History and Clinical Examination
• For patients presenting with a traumatic hyphema, a thorough evaluation of the timing and nature of the trauma is important to determine the likelihood of additional injuries and the need for close observation and treatment. Patients may be asymptomatic or have reduced vision, photophobia, and pain. Nausea and vomiting may accompany a rise in intraocular pressure. There may be evidence of orbital trauma or damage to other ocular tissues.
• Slit lamp: Slit-lamp examination may show circulating red blood cells alone or in combination with a layered hyphema in the anterior chamber. When there is elevated intraocular pressure associated with a large hyphema, corneal blood staining can occur (Fig. 16-6). There may be evidence of trauma to other ocular structures such as cataract (Fig. 16-7), phacodonesis, subconjunctival hemorrhage, foreign bodies, lacerations, or iris damage such as sphincter tears, iridodialysis, or traumatic aniridia (Figs. 16-7A and 16-8).

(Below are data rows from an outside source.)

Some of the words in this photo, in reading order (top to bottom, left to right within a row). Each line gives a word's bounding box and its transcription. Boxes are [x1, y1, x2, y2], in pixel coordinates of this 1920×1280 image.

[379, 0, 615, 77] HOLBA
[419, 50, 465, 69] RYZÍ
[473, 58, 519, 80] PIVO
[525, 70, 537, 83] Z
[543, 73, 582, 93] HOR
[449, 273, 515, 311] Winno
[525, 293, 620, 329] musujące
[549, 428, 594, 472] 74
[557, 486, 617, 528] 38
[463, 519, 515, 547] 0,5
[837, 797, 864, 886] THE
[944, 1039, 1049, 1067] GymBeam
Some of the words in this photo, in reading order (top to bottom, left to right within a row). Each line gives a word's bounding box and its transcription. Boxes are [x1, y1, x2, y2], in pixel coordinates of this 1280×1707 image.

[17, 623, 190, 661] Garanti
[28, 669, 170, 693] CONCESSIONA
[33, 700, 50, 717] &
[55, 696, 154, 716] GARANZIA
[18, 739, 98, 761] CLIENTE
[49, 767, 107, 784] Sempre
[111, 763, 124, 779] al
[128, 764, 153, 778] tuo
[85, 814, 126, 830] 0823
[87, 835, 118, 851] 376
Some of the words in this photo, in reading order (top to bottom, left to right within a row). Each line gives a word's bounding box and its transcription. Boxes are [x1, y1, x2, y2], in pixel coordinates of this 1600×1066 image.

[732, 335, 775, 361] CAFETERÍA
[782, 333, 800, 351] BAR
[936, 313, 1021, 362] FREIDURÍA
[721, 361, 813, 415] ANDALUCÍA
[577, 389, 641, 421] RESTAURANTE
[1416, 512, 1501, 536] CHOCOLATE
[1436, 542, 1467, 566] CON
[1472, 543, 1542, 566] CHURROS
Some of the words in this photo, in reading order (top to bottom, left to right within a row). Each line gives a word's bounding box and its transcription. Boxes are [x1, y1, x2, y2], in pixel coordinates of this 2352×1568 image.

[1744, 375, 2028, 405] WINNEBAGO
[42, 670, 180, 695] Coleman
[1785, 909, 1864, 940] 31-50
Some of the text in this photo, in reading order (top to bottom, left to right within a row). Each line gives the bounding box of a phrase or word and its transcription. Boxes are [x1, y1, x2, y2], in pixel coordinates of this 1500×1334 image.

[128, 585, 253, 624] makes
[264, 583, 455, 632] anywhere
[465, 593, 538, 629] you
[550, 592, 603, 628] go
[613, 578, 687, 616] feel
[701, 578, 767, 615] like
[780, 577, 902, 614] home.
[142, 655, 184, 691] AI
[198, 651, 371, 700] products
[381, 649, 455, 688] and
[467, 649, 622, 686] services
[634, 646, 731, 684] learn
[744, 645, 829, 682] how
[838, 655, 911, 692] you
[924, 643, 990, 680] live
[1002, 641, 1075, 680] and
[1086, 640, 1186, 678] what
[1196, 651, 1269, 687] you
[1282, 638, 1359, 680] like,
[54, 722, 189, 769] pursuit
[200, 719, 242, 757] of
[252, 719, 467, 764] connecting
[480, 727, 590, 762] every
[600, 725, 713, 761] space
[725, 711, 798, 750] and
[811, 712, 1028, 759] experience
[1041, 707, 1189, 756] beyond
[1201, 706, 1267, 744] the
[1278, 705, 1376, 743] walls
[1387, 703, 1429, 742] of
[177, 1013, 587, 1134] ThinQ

• Gonioscopy: Gonioscopy should be delayed until the risk of rebleeding has passed. When performed 3 to 4 weeks after the initial injury, the angle may appear undamaged or may show residual blood (see Fig. 16-1C) or angle recession (Fig. 16-9). Occasionally, peripheral anterior synechiae or a cyclodialysis cleft (Fig. 16-10A) may be present.
• Posterior pole: The posterior pole may show evidence of blunt or penetrating trauma. Commotio retinae, choroidal ruptures, retinal detachments, intraocular foreign bodies, or vitreous hemorrhage may be present. Scleral depression should be delayed until the risk of rebleeding has passed. A persistent vitreous hemorrhage can also cause elevated intraocular pressures in the form of ghost cell glaucoma. Unlike the typical red blood cells seen in hyphemas, tan-colored ghost cells can be observed in the anterior chamber. Ghost cells are degenerated erythrocytes that clog the trabecular meshwork as they make their way from the posterior segment to the anterior chamber presumably through a break in the anterior hyaloid face.